Impact of AI and Oil Prices on Indian Markets: An Investor's Perspective
Recent developments involving escalating tensions in Iran, fluctuations in oil prices, and the swift adoption of artificial intelligence are complicating the investment landscape for stakeholders globally. Prashant Mishra, founder and CEO of Agnam Advisors, emphasizes the importance of maintaining discipline and diversification, advocating for an approach focused on structural long-term trends rather than immediate reactions to the latest news.
Mishra noted that while the conflict in Iran could have implications for energy markets, the comparisons to historical oil shocks, such as the 1973 Arab oil embargo or the ongoing Russia-Ukraine war, might be exaggerated. He remarked, “This is a serious development, but not a reason to panic.” The Strait of Hormuz is crucial as it serves as a conduit for nearly 20% of the world's oil trade, meaning any disturbances in this area could lead to significant spikes in crude oil prices.
However, Mishra asserts that today's circumstances differ fundamentally from the past. Modern energy infrastructures, including U.S. shale production and strategic petroleum reserves, alongside a deceleration in oil demand growth—partly due to the rise of electric vehicles—offer stronger buffers than in earlier decades. Nonetheless, he pointed out that India continues to feel the strain, as approximately 85% of its crude oil is imported. Consequently, even modest increases in oil prices can significantly impact inflation, the value of the Indian rupee, and the country's current account balance.

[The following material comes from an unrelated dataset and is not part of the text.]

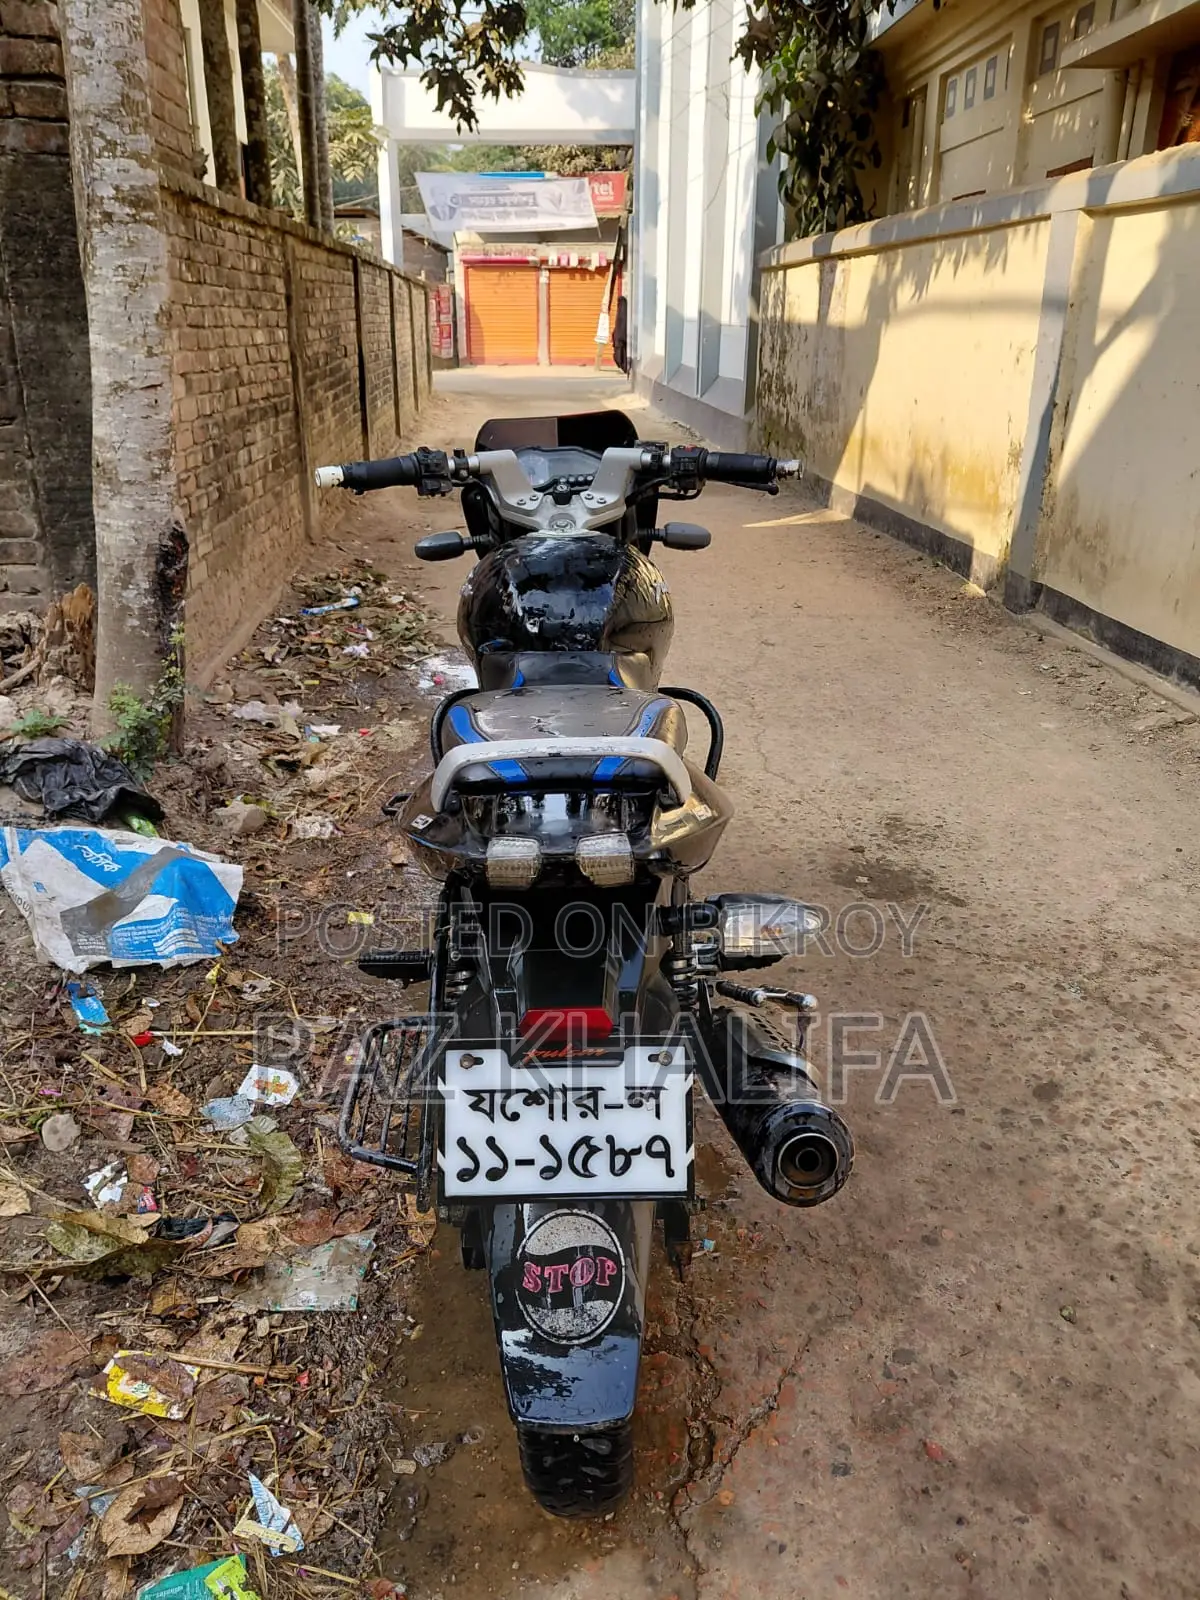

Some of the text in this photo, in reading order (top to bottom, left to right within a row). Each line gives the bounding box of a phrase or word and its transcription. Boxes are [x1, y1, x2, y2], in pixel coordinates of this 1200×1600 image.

[591, 180, 614, 195] tel
[456, 1134, 675, 1183] ১১-১৫৮৭
[522, 1256, 618, 1294] STOP

Mishra advises investors to discern temporary market fluctuations from enduring structural transformations. The critical question for investors, he suggested, should be whether any incident alters the earning capacities of businesses over the next three to five years. He indicated that geopolitical incidents tend to induce short-term sentiment shifts which markets eventually adjust to, while structural changes can have a lasting effect on industries and business practices.
Artificial intelligence, specifically, represents a pivotal structural alteration. Mishra pointed out that the Indian IT services sector is likely undergoing a fundamental transformation as AI tools automate functions such as coding, testing, and documentation that were traditionally carried out by junior engineers in large teams. “This is a transformation rather than an extinction event,” he explained, expressing confidence that large IT firms will likely adapt effectively by incorporating AI into their operational models, while specialised AI-driven companies could emerge as new industry leaders.

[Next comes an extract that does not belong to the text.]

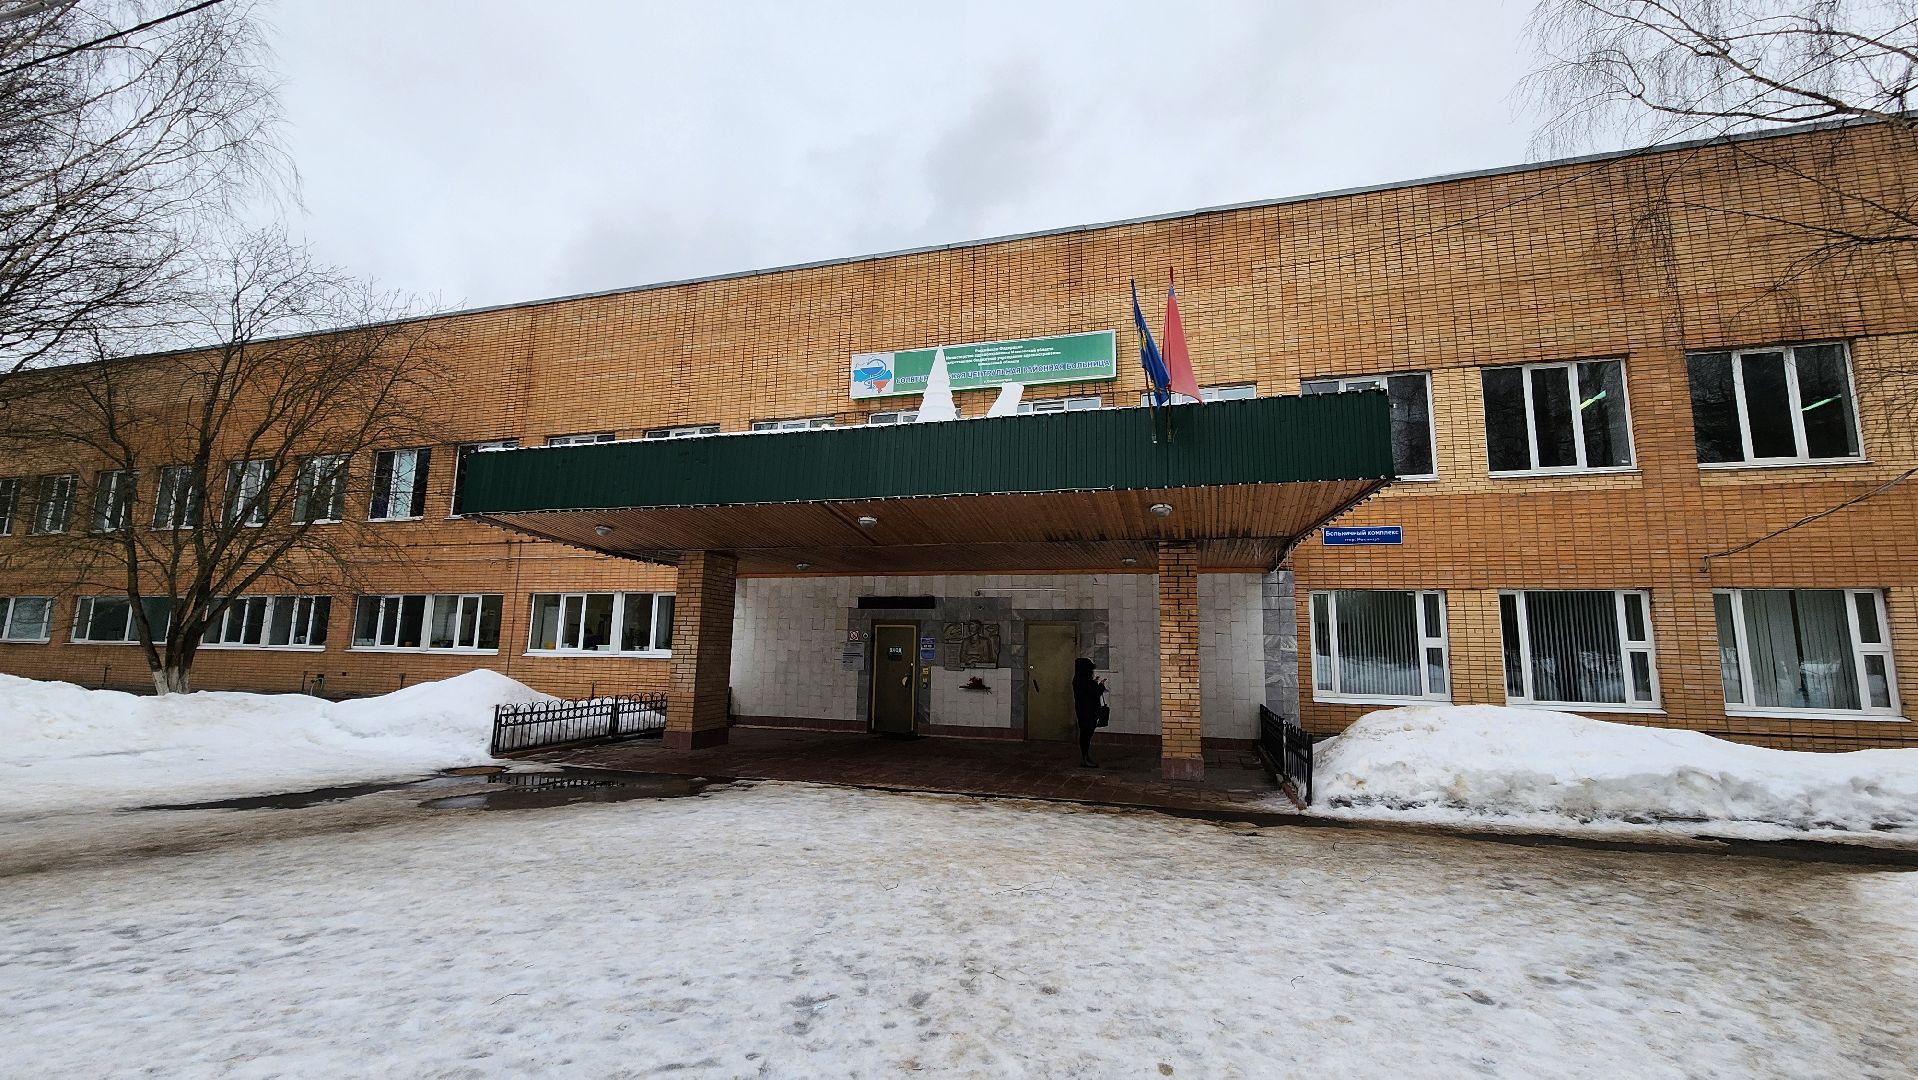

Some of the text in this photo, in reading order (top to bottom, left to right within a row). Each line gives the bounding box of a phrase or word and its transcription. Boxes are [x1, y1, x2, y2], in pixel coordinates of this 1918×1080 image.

[967, 366, 1021, 379] ЦЕНТРАЛЬНАЯ
[1023, 363, 1065, 374] РАЙОННАЯ
[1066, 359, 1110, 370] БОЛЬНИЦА

This shift is already affecting employment patterns. There has been a noticeable slowdown in hiring across various tech sectors, creating trepidation for young professionals entering the job market. Mishra acknowledged the validity of these concerns but advised against succumbing to fear. He encouraged the younger workforce to prioritise continuous learning, understanding of business dynamics, communication skills, and the ability to collaborate with AI tools rather than attempting to compete with them.
Mishra also cautioned that a slowdown in tech hiring might eventually influence housing demands in cities like Bengaluru, Hyderabad, and Pune, which have historically thrived due to strong employment growth in the IT sector. While he does not predict a drastic decline in real estate prices, he anticipates that the rate of property price appreciation may slow in markets heavily reliant on tech employment.

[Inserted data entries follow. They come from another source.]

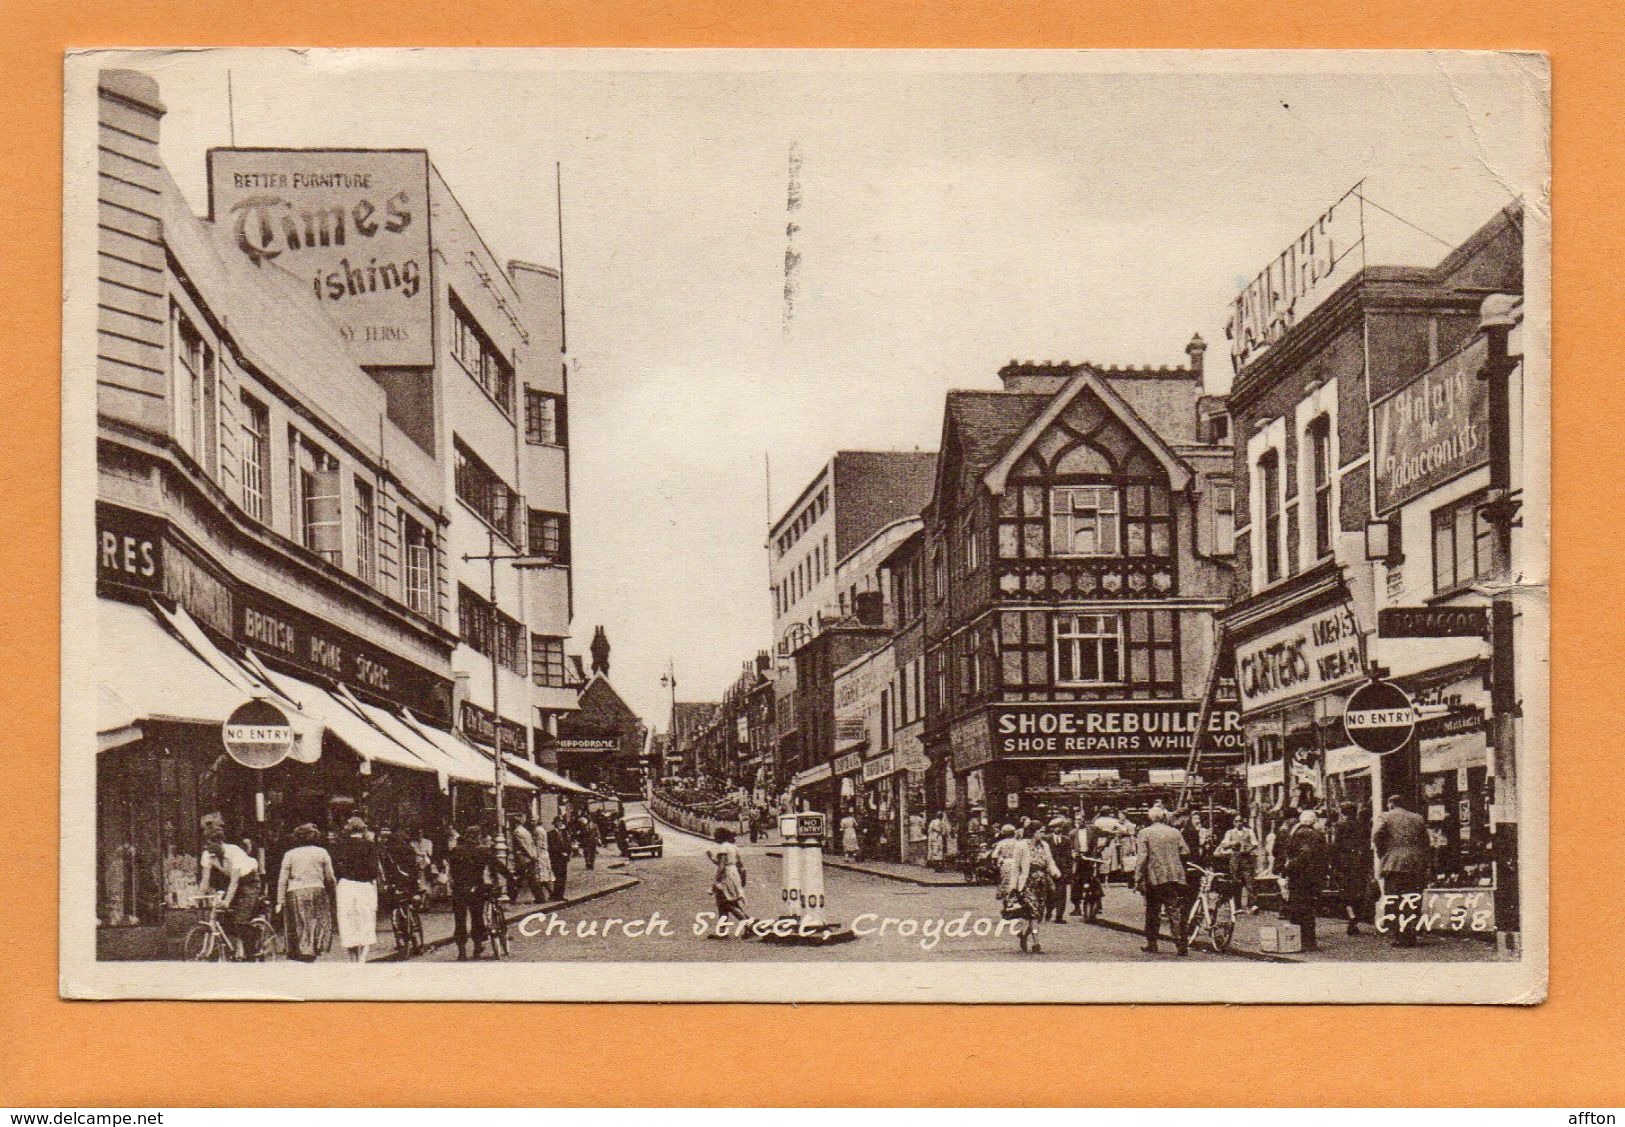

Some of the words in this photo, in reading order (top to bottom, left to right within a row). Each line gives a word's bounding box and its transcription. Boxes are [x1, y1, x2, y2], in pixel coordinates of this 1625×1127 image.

[234, 172, 288, 189] BETTER
[293, 172, 372, 189] FURNITURE
[229, 190, 412, 269] Times
[366, 325, 410, 342] TERMS
[245, 607, 295, 654] BRITISH
[311, 636, 342, 673] HOME
[1317, 647, 1359, 681] WEAR
[1348, 714, 1365, 725] NO
[1372, 712, 1411, 724] ENTRY
[227, 729, 243, 739] NO
[250, 728, 289, 740] ENTRY
[1003, 737, 1056, 752] SHOE
[1065, 735, 1140, 750] REPAIRS
[804, 819, 817, 827] NO

Given the current unpredictable economic climate, Mishra recommends investors focus on sectors that demonstrate robust cash flows, such as healthcare, renewable energy, infrastructure, and financial services. He also suggests having a mix of high-quality debt instruments, selective real estate investments, and an international diversification strategy. Gold remains a vital hedge against geopolitical risks, inflation, and currency fluctuations, and allocating about 10% to 15% of investment portfolios to gold can be prudent.
“Investors who build enduring wealth do not necessarily predict events accurately,” Mishra summarised. “They are the ones who practise sensible asset allocation, periodically rebalance their portfolios, and remain concentrated on long-term objectives.”